**Requirement**
Go to the line that contains "this 1536×2048 image." and transcribe from there to the end of the entries, that line and the last one included.

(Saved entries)
- Opening Delimiter -
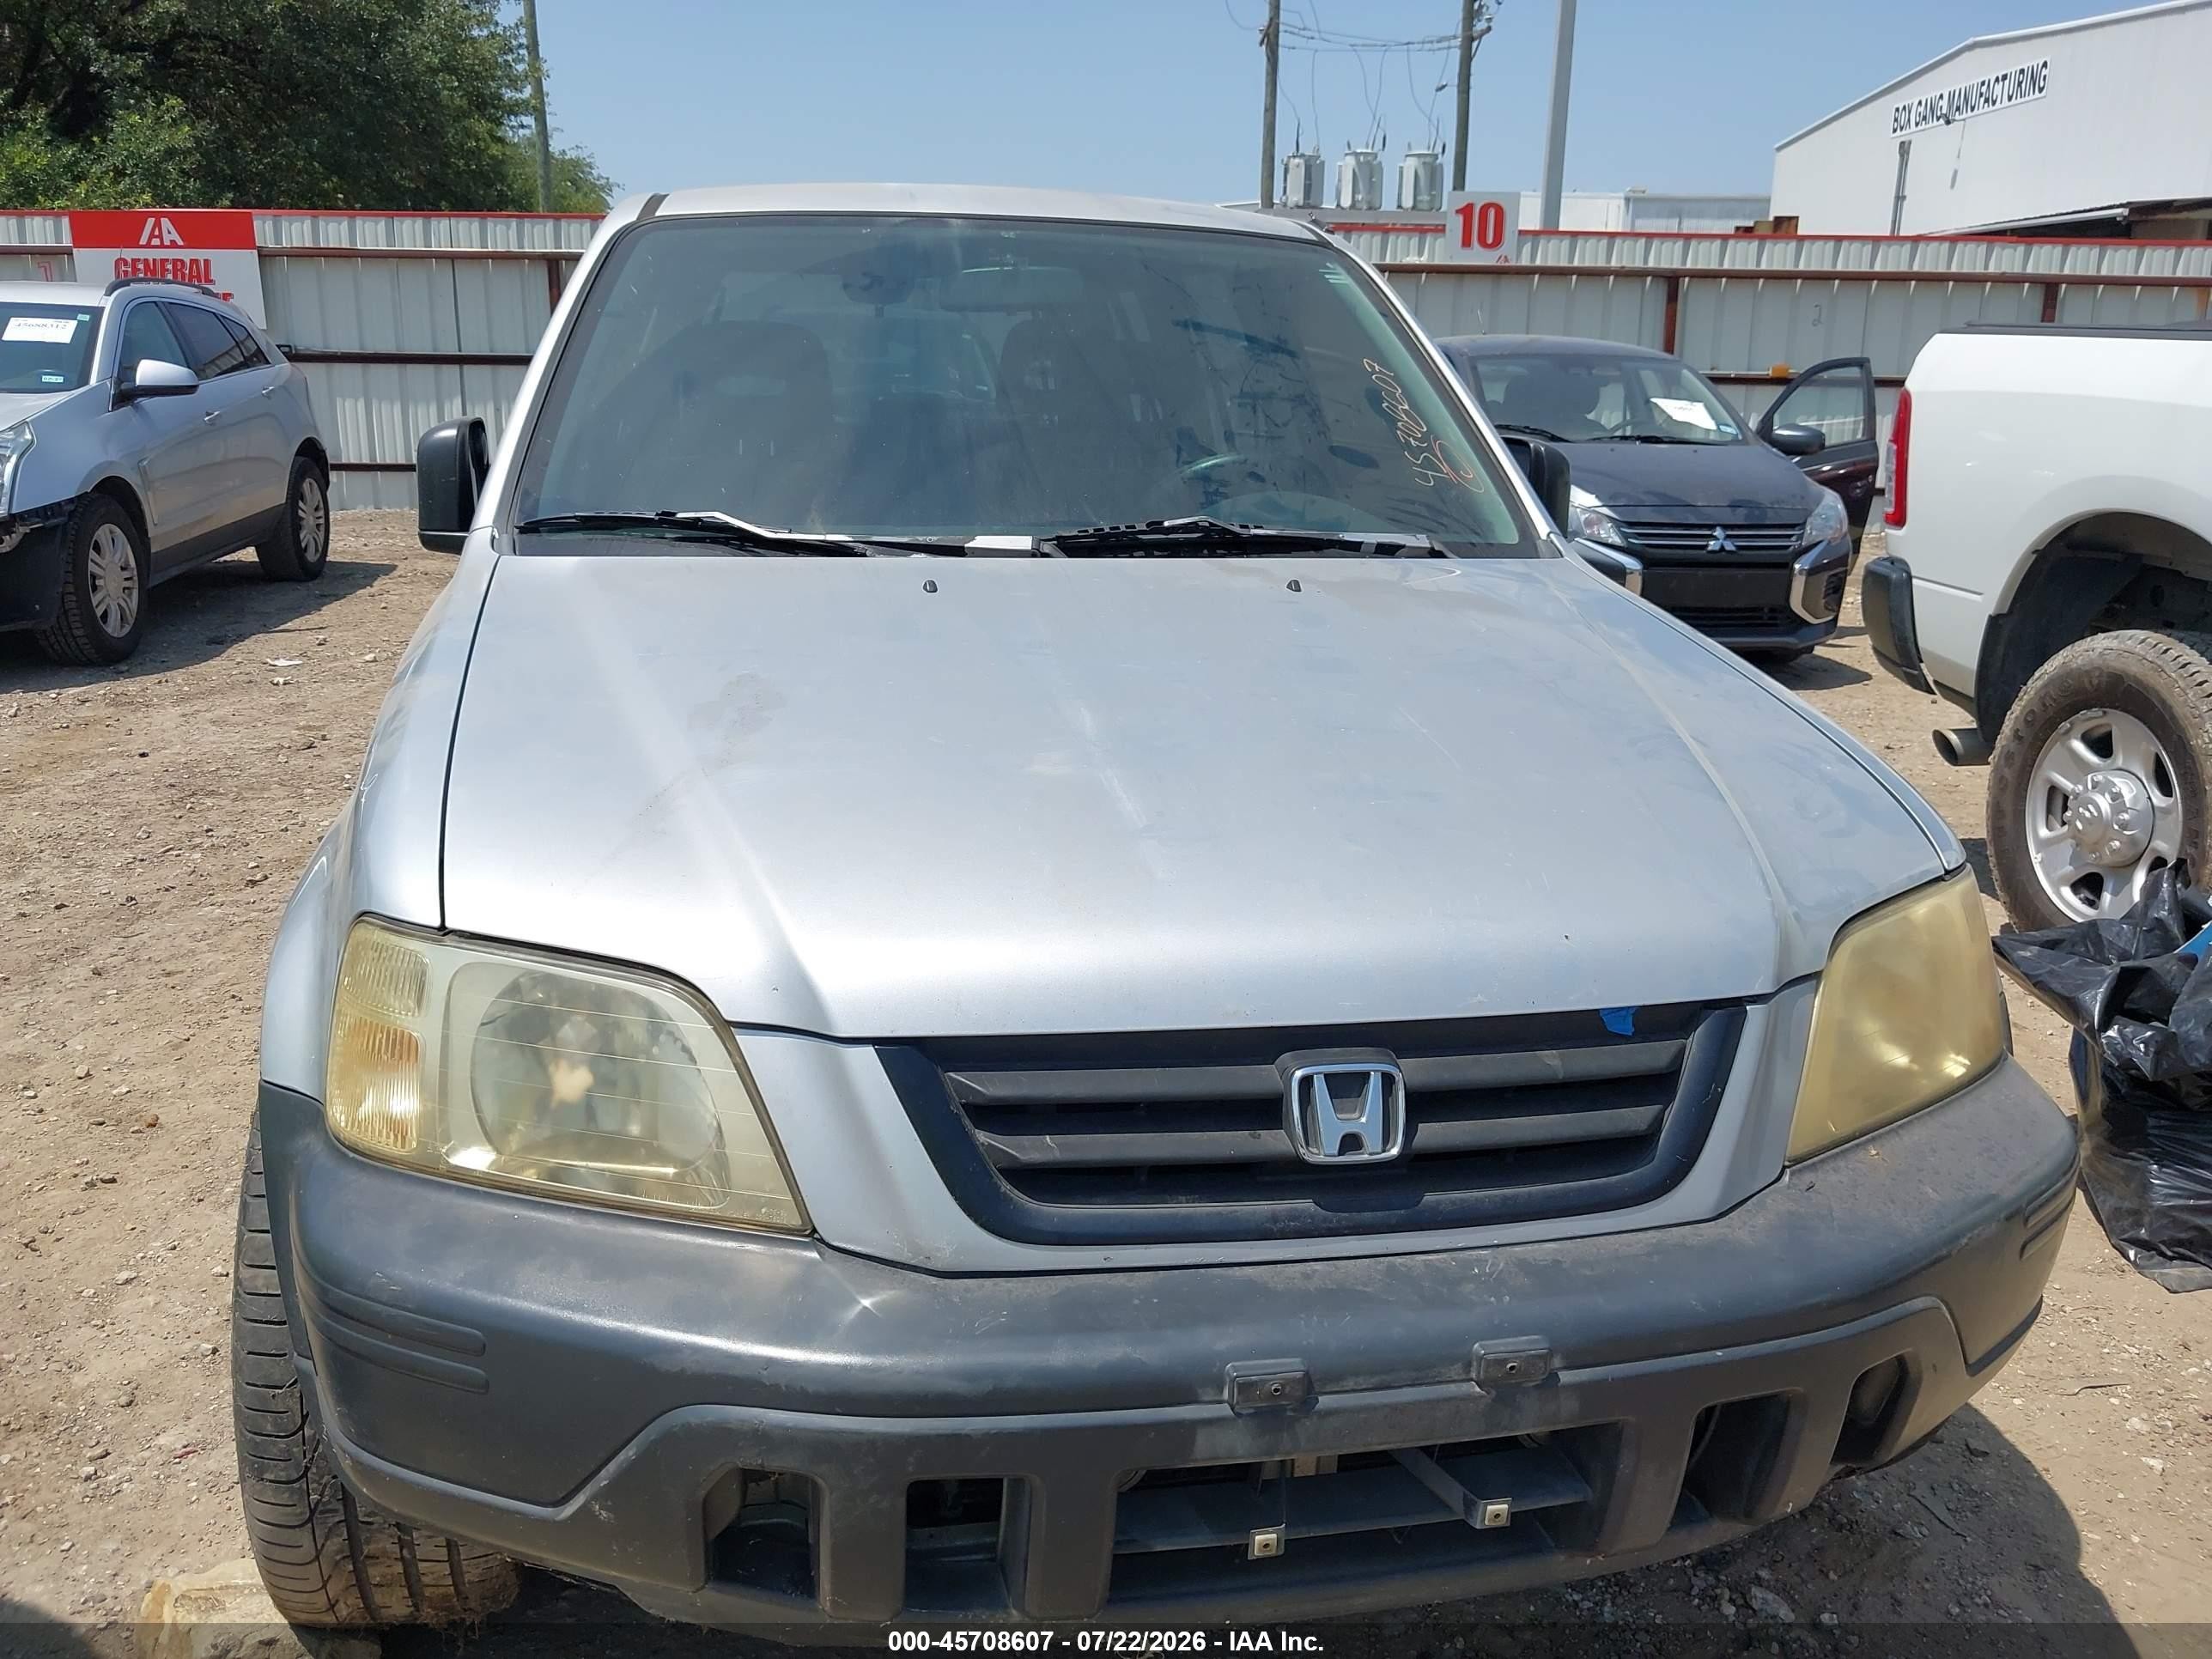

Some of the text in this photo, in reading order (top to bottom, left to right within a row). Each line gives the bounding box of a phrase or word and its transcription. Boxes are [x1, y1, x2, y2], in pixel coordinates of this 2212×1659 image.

[1892, 60, 2048, 134] BOX GANG MANUFACTURING
[1455, 201, 1506, 251] 10
[114, 258, 216, 286] GENERAL
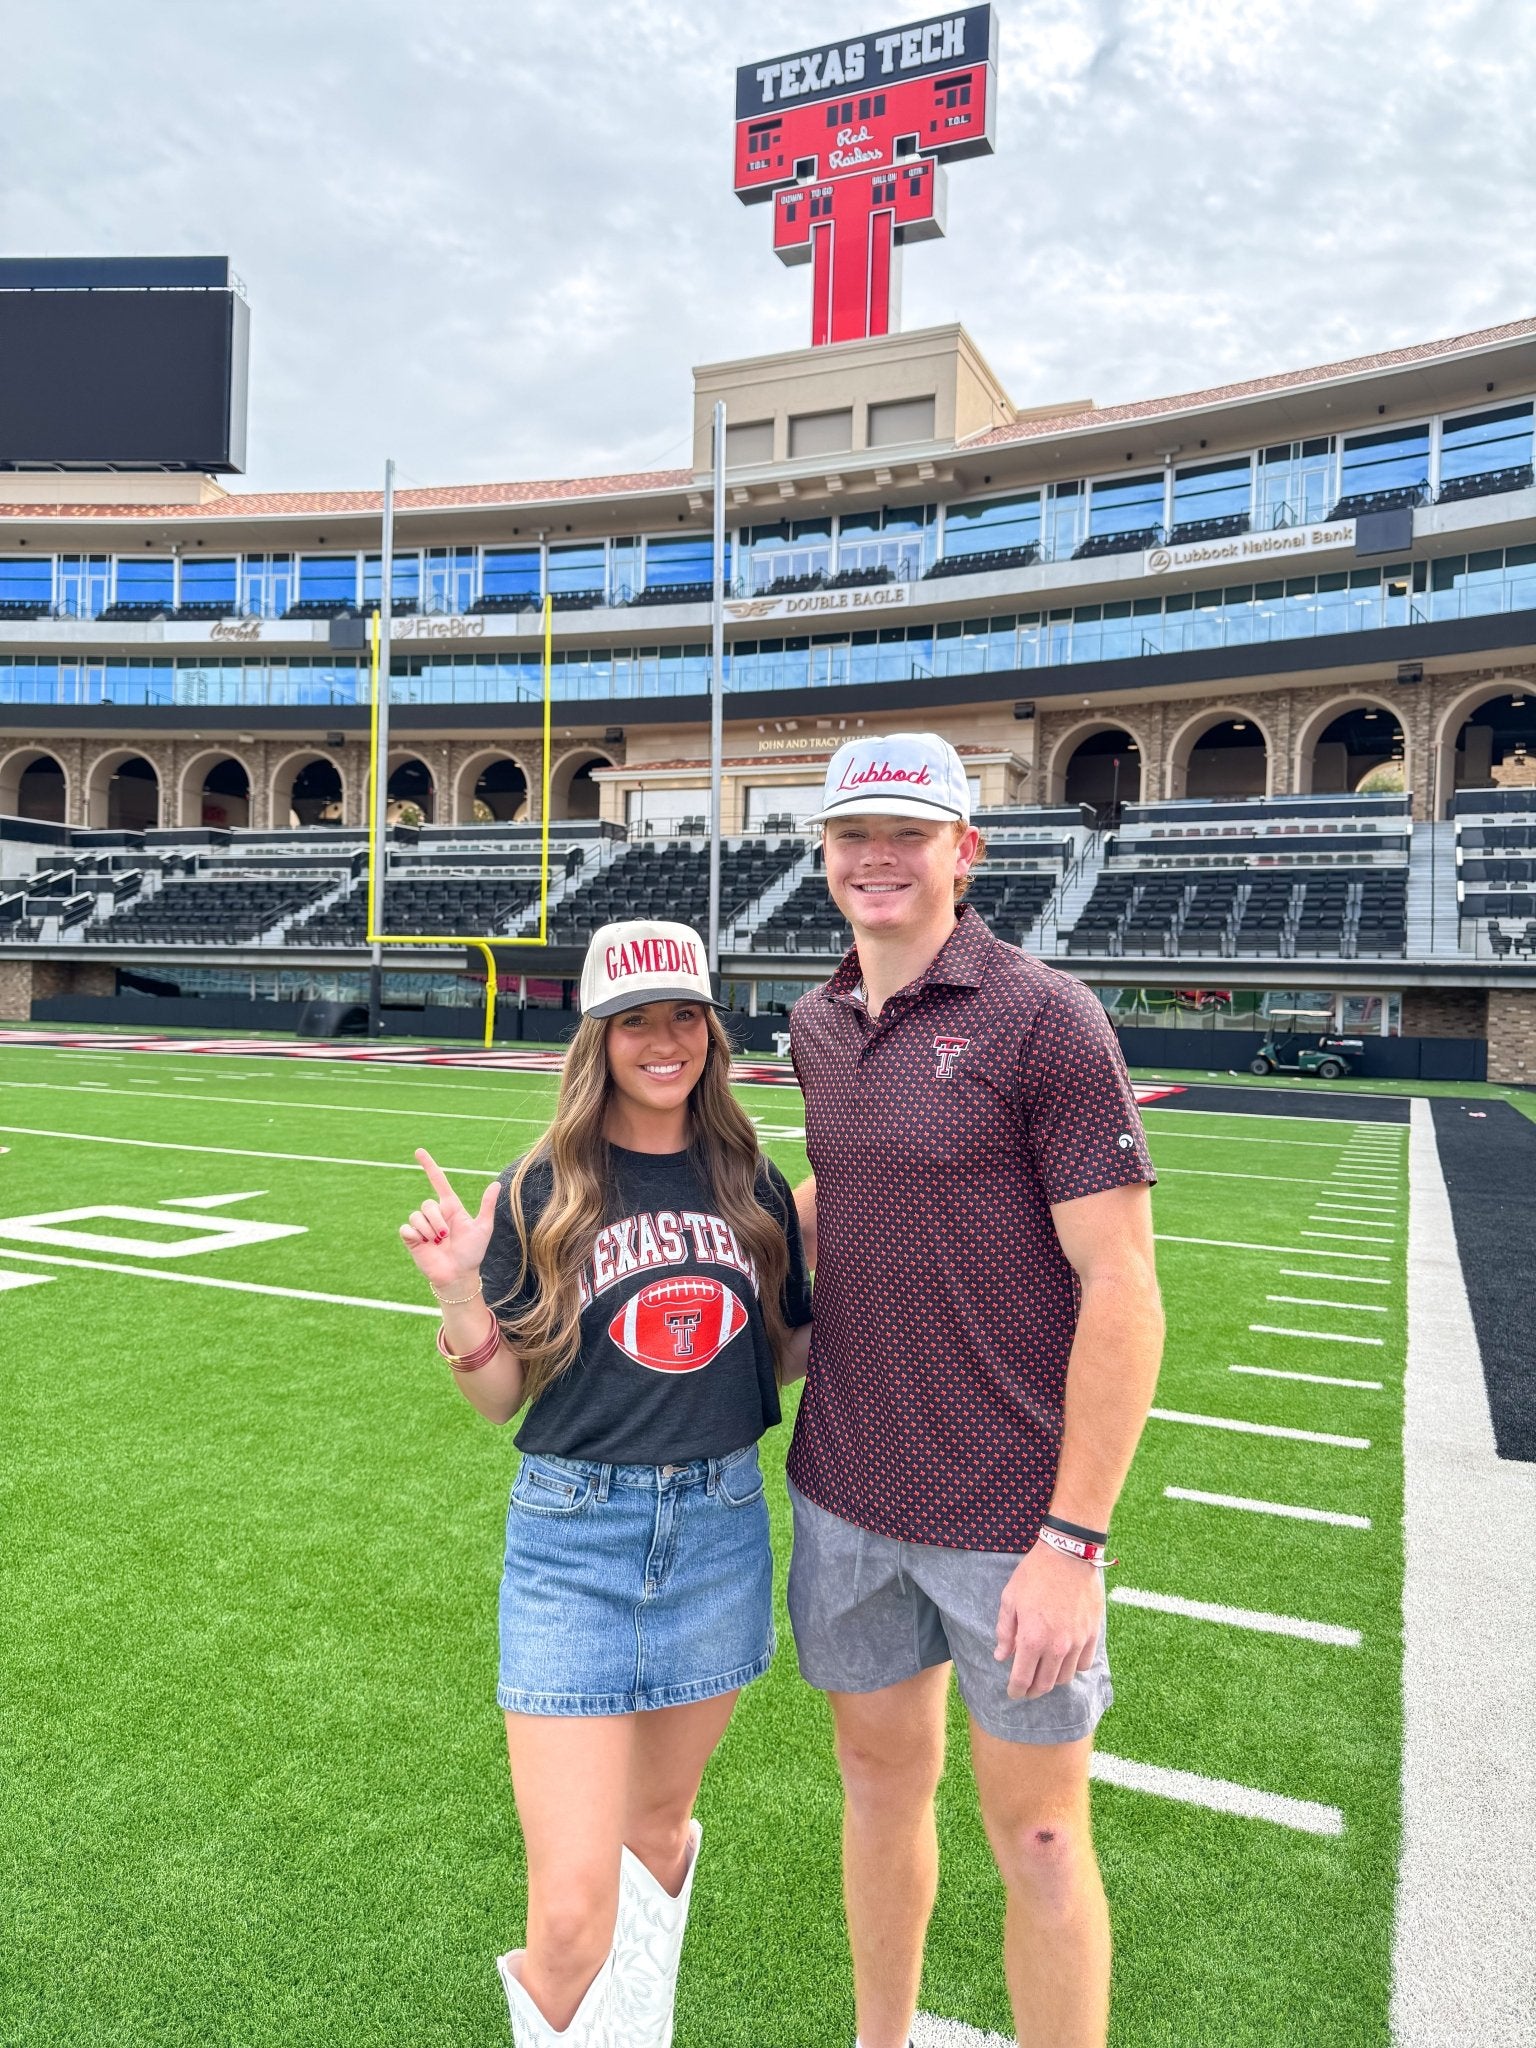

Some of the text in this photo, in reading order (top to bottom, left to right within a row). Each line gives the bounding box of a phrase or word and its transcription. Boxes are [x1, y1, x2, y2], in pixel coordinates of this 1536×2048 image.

[757, 17, 966, 103] TEXAS TECH
[837, 125, 875, 147] Red
[829, 147, 883, 169] Raiders
[780, 193, 804, 205] DOWN
[1174, 544, 1238, 565] Lubbock
[1242, 532, 1306, 554] National
[1312, 526, 1353, 545] Bank
[785, 588, 905, 612] DOUBLE EAGLE
[416, 616, 485, 638] FireBird
[758, 740, 784, 752] JOHN
[786, 738, 807, 749] AND
[810, 736, 841, 748] TRACY
[836, 757, 932, 792] Lubbock
[605, 938, 699, 981] GAMEDAY
[680, 1210, 760, 1301] TEC
- Closing Delimiter -
**Completed exercise**
Some of the text in this photo, in reading order (top to bottom, left to right within a row). Each line gives the bounding box of a phrase or word and its transcription. Boxes are [x1, y1, x2, y2], in pixel coordinates of this 1536×2048 image.

[757, 17, 966, 103] TEXAS TECH
[837, 125, 875, 147] Red
[829, 147, 883, 169] Raiders
[780, 193, 804, 205] DOWN
[1174, 544, 1238, 565] Lubbock
[1242, 532, 1306, 554] National
[1312, 526, 1353, 545] Bank
[785, 588, 905, 612] DOUBLE EAGLE
[416, 616, 485, 638] FireBird
[758, 740, 784, 752] JOHN
[786, 738, 807, 749] AND
[810, 736, 841, 748] TRACY
[836, 757, 932, 792] Lubbock
[605, 938, 699, 981] GAMEDAY
[680, 1210, 760, 1301] TEC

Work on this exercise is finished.